Temporary nurse staffing is cost-effective: Study

By Debra Wood, RN


Travel nurse staffing and other kinds of supplemental nursing can be cost-effective for hospitals and even allow them to break even on staffing expenses when addressing shortages of permanent staff or rising patient acuity, according to a new study in the Journal of Nursing Care Quality. 

“Minimal or moderate use of supplemental nurses could be cost even,” said Ying Xue, DNSc, RN, associate professor at the University of Rochester School of Nursing, in Rochester, New York. 

“This confirms what many health systems have known for a while: Modest use of supplemental staffing is a cost-efficient strategy -- and overtime use of permanent RNs is not cost-effective,” said Ralph Henderson, president of Healthcare Staffing at AMN Healthcare in San Diego. “A lot of health system leaders believe supplemental nurses are a great way to handle the ebbs and flows of the business.”
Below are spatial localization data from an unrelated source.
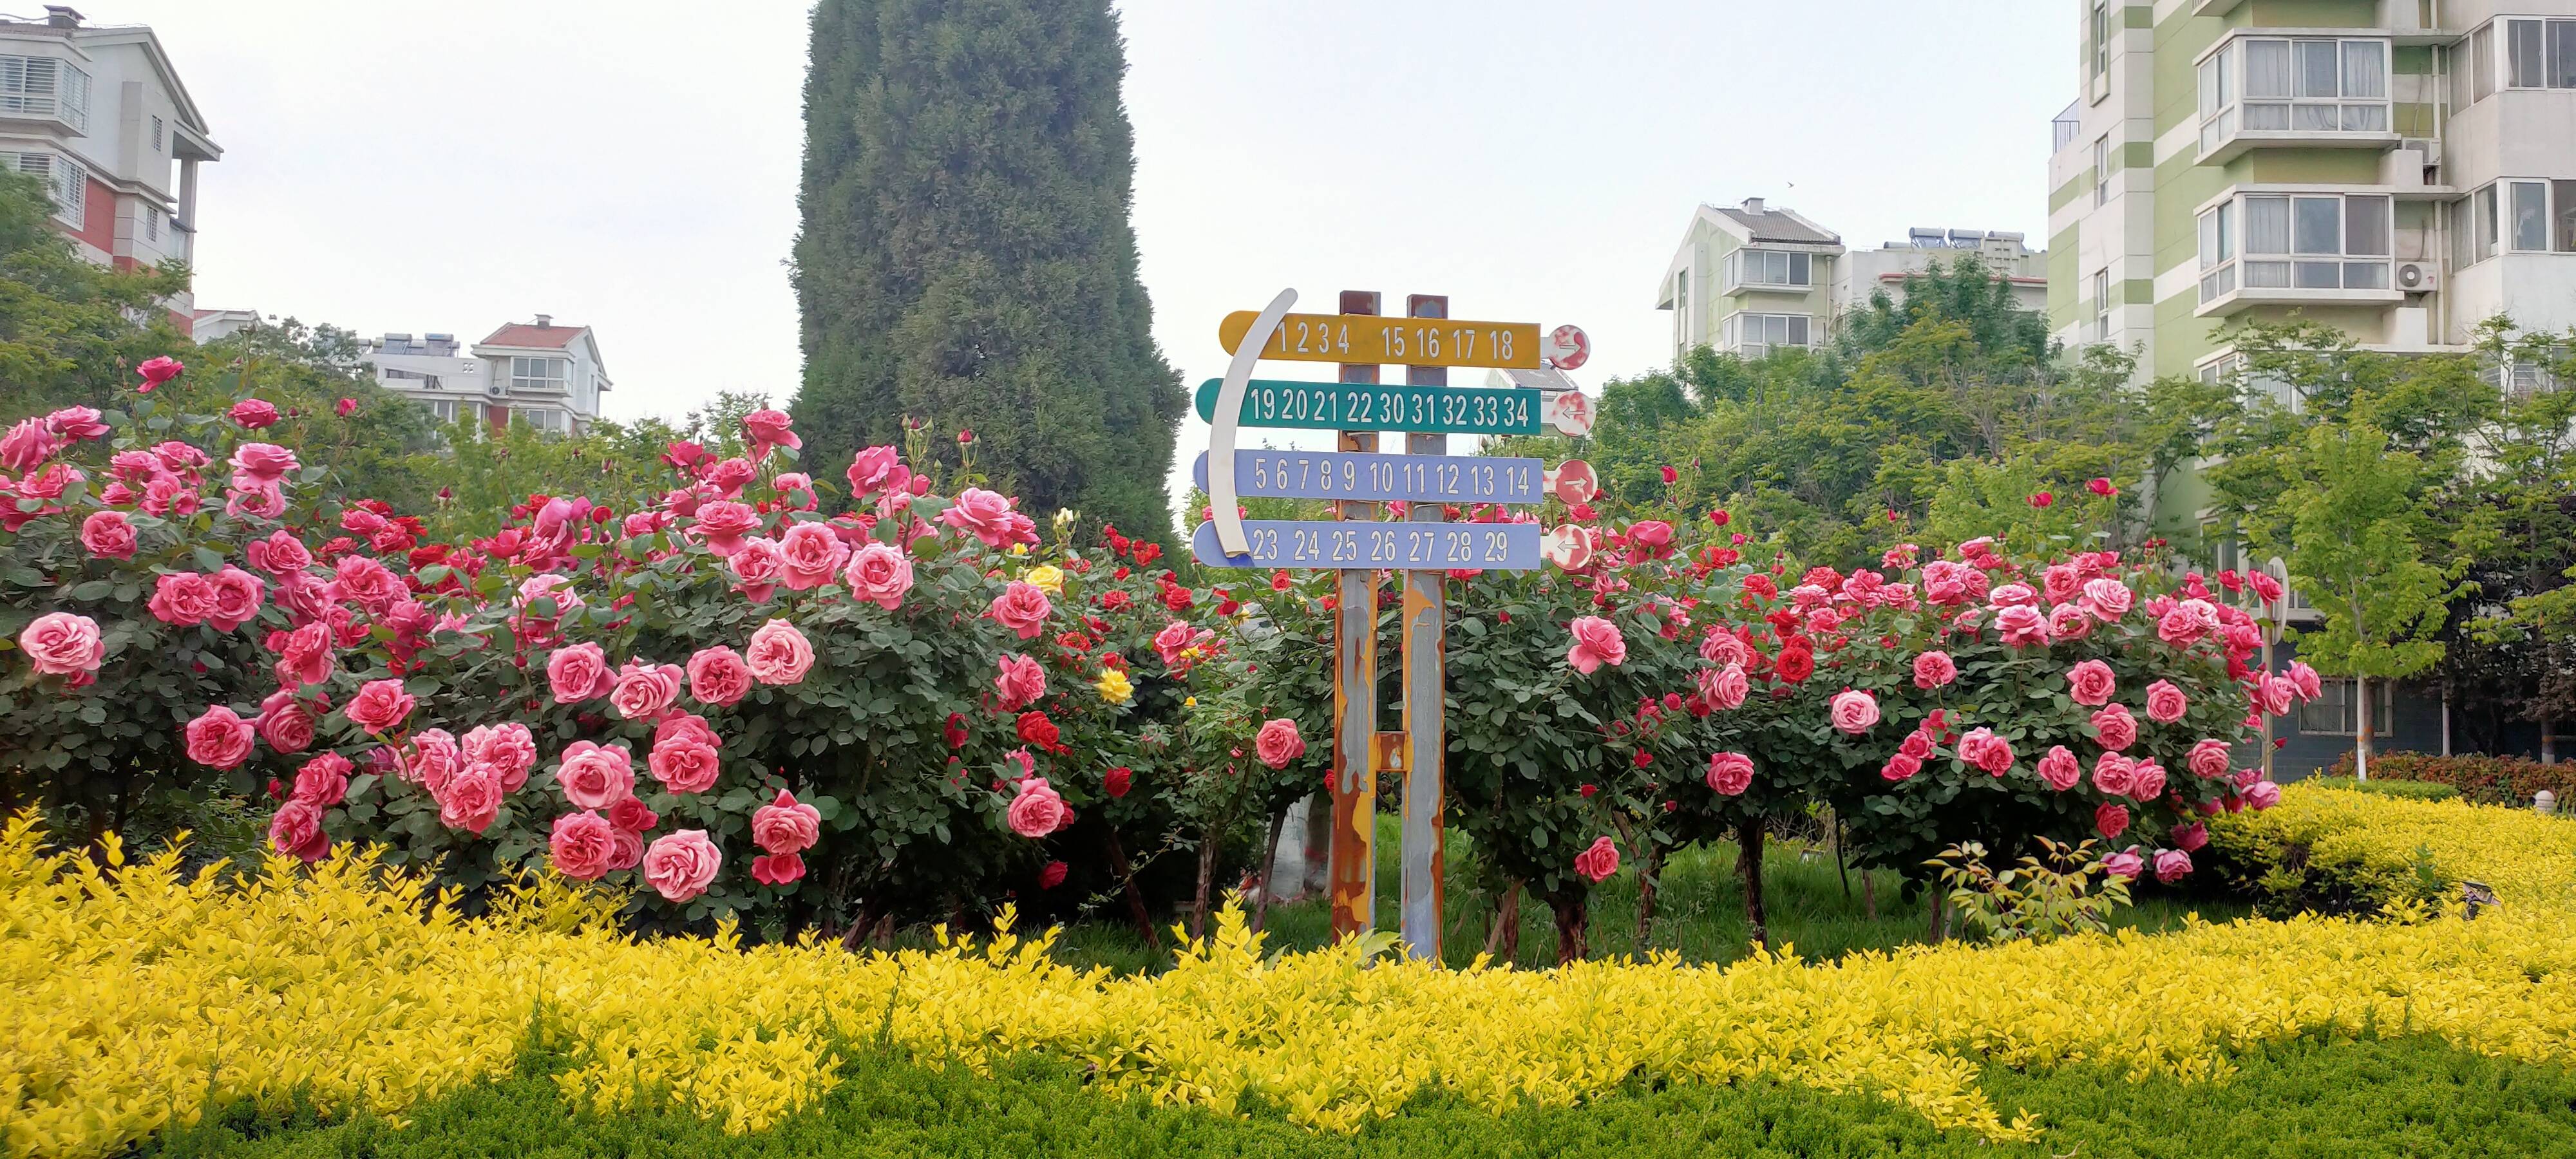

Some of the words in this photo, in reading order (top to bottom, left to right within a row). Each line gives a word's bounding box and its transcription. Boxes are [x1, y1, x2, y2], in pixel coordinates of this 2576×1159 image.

[1277, 321, 1287, 352] 1
[1297, 321, 1309, 353] 2
[1318, 323, 1330, 353] 3
[1338, 324, 1350, 354] 4
[1381, 326, 1405, 357] 15
[1416, 327, 1439, 358] 16
[1452, 328, 1475, 359] 17
[1490, 330, 1513, 361] 18
[1251, 388, 1276, 420] 19
[1281, 388, 1308, 421] 20
[1314, 390, 1337, 422] 21
[1347, 391, 1373, 423] 22
[1379, 392, 1405, 424] 30
[1411, 393, 1435, 425] 31
[1442, 395, 1468, 426] 32
[1473, 395, 1498, 427] 33
[1503, 396, 1529, 428] 34
[1255, 458, 1267, 489] 5
[1276, 458, 1288, 490] 6
[1298, 459, 1309, 490] 7
[1320, 460, 1332, 491] 8
[1343, 460, 1355, 491] 9
[1369, 462, 1394, 493] 10
[1403, 462, 1425, 494] 11
[1436, 463, 1459, 495] 12
[1470, 464, 1495, 496] 13
[1506, 465, 1530, 496] 14
[1253, 528, 1278, 560] 23
[1293, 529, 1320, 561] 24
[1331, 529, 1358, 561] 25
[1370, 530, 1396, 561] 26
[1408, 531, 1435, 562] 27
[1446, 531, 1472, 562] 28
[1484, 531, 1508, 562] 29
Landry Seedig, division president of Travel Nursing at AMN Healthcare, was not surprised by the study results. 

“For hospitals that use contingent labor in the right way, it’s cost-effective. That means they are using it for census fluctuations, seasonal difference, EMR projects or to fill in for leaves or vacations.”
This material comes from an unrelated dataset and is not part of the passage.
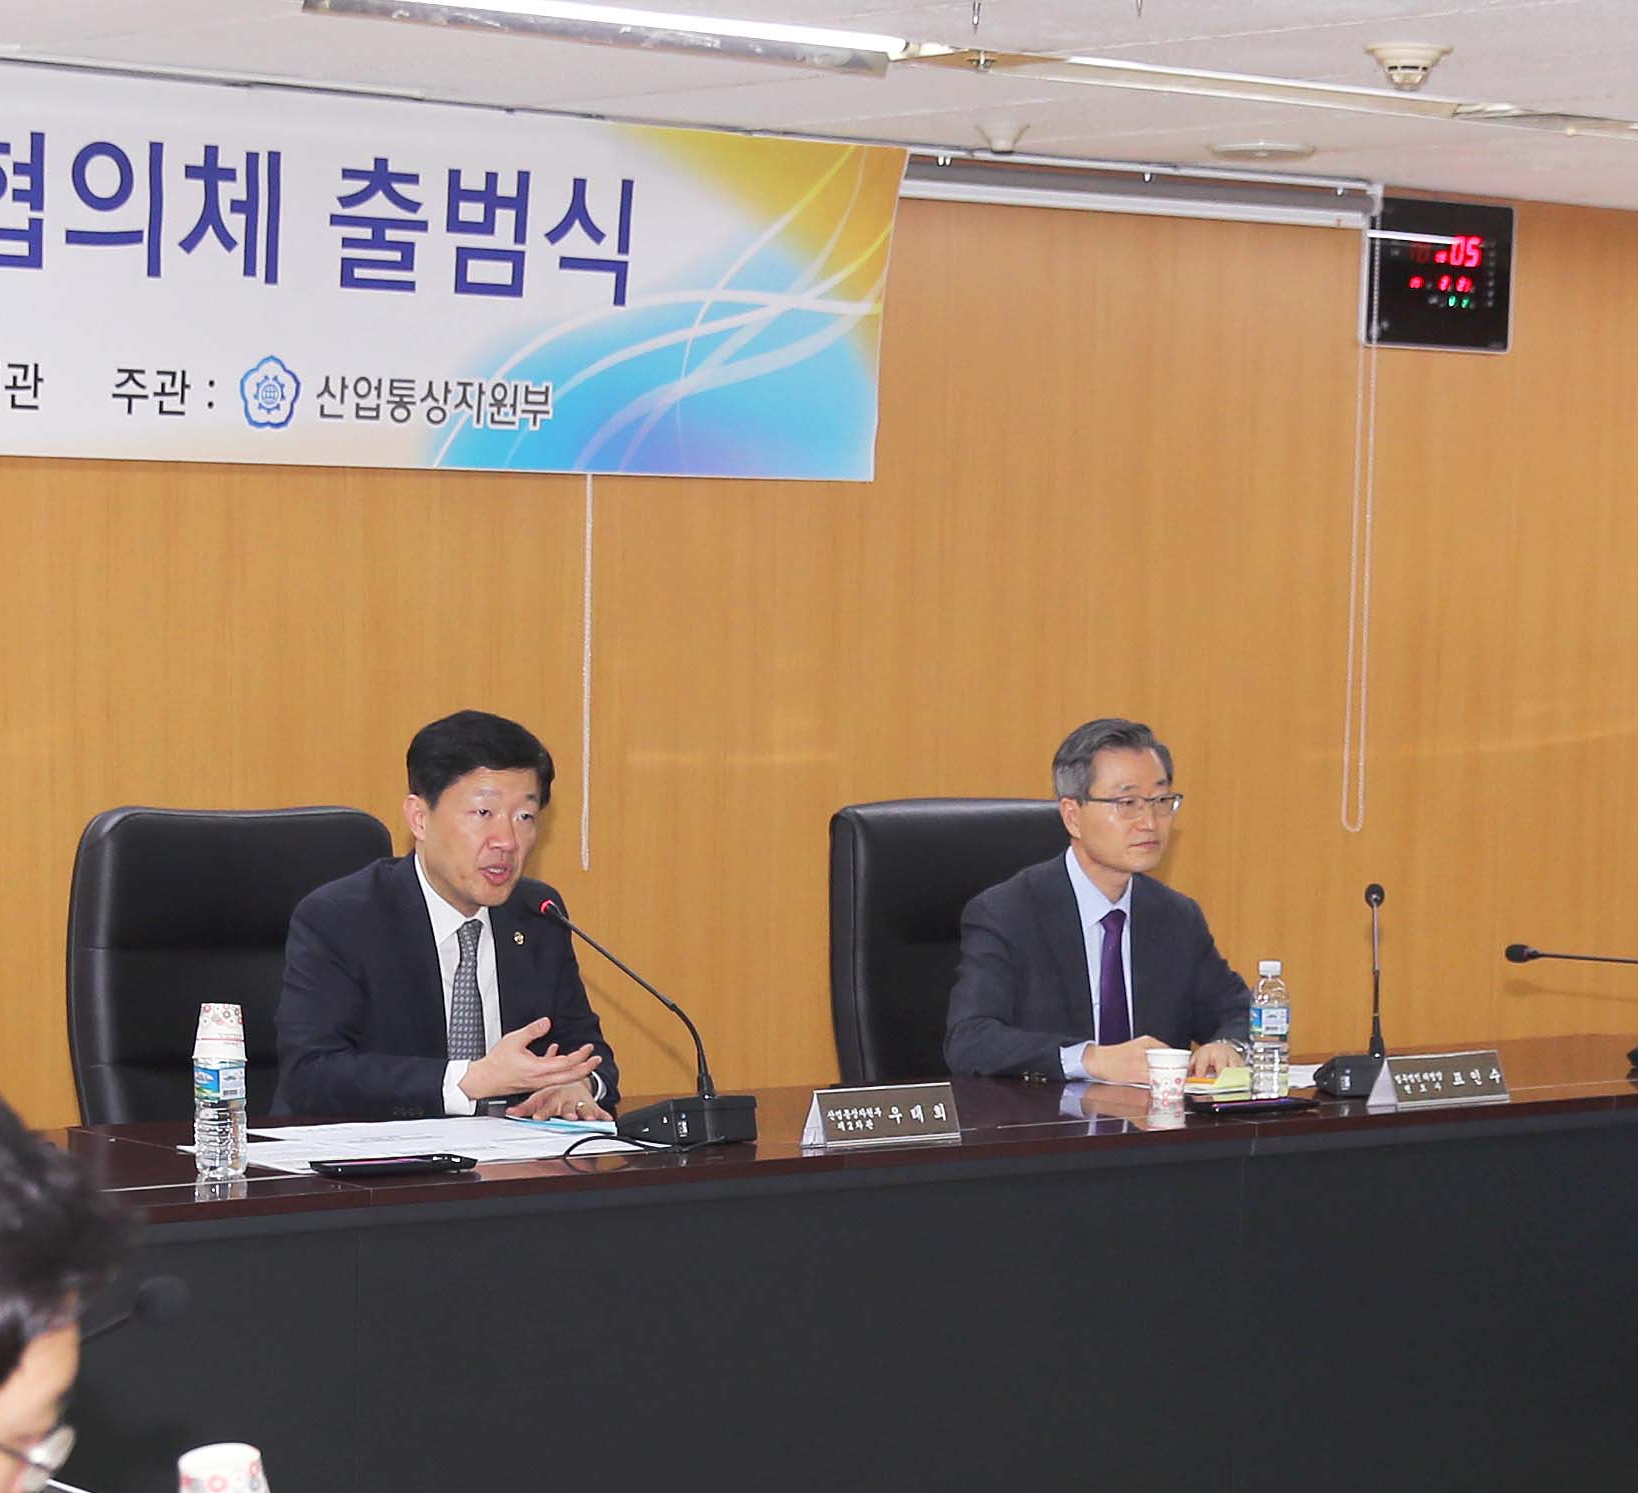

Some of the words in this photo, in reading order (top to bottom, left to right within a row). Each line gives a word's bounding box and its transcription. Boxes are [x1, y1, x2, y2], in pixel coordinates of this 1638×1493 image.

[328, 155, 636, 308] 출범식
[110, 367, 192, 417] 주관
[315, 374, 555, 428] 산업통상자원부
The researchers, who included Linda Aiken, PhD, RN, at the University of Pennsylvania, analyzed data for four years from 19 adult units, including medical, surgical, step-down and intensive care, at a large academic medical center from 2003 to 2006. In 2012, Xue and colleagues published a paper from the same data source that found no adverse outcomes related to the use of supplemental registered nurses. 

The recently published study, titled Cost Outcomes of Supplemental Nurse Staffing in a Large Medical Center, “minimal to modest use” of temporary nurses can be cost-efficient, but heavy reliance on them to meet core staffing needs probably is not. The study also found that using temporary nurses may be more cost-effective than using overtime by permanent staff nurses. Overtime remains a poor solution for hospitals, the researchers said. 

“There is a lot of research that’s been conducted to demonstrate that overtime is related to poor patient outcomes and poor nurse outcomes,” Xue said. “Nurses are more likely to burn out and to quit.” This adds significant costs for healthcare facilities. 

The researchers also found supplemental nurses’ hourly rate was on average higher than staff nurses’ hourly pay. But when employee benefits and other expenditures were factored in, the difference was not statistically significant. 

Henderson noted that the costs of temporary nurses may be even more competitive today compared with 10 years ago, when the data for the study was collected, because staff nurse wages have grown at a higher rate than supplemental nurse bill rates for nearly a decade. He also said that the costs for permanent staff nurses may be higher if you consider the full costs of employment, including sign-on bonuses, new-employee orientations and other factors. 

Seedig said that some hospitals have difficulty retaining permanent nursing staff due to a problem environment or over-reliance on overtime that results in an inordinate amount of nurse burnout. When that happens, the mix can become too heavy on temporary clinicians. 

“Sometimes, our nurses do not enjoy going to those facilities,” Seedig said. “Nurses want to go to the ones using contingent the right way – facilities that utilize the right mix of permanent and temporary staff to create a good work environment.”

Nurses considering a travel assignment often ask about the culture of the facility. That can translate to more than a pay rate, Seedig said. 

“We want our facilities understanding that we are a great resource to bring nurses in for periodic or temporary reasons,” Seedig said. “If you use it the right way, temporary nurse staffing will be cost-effective.”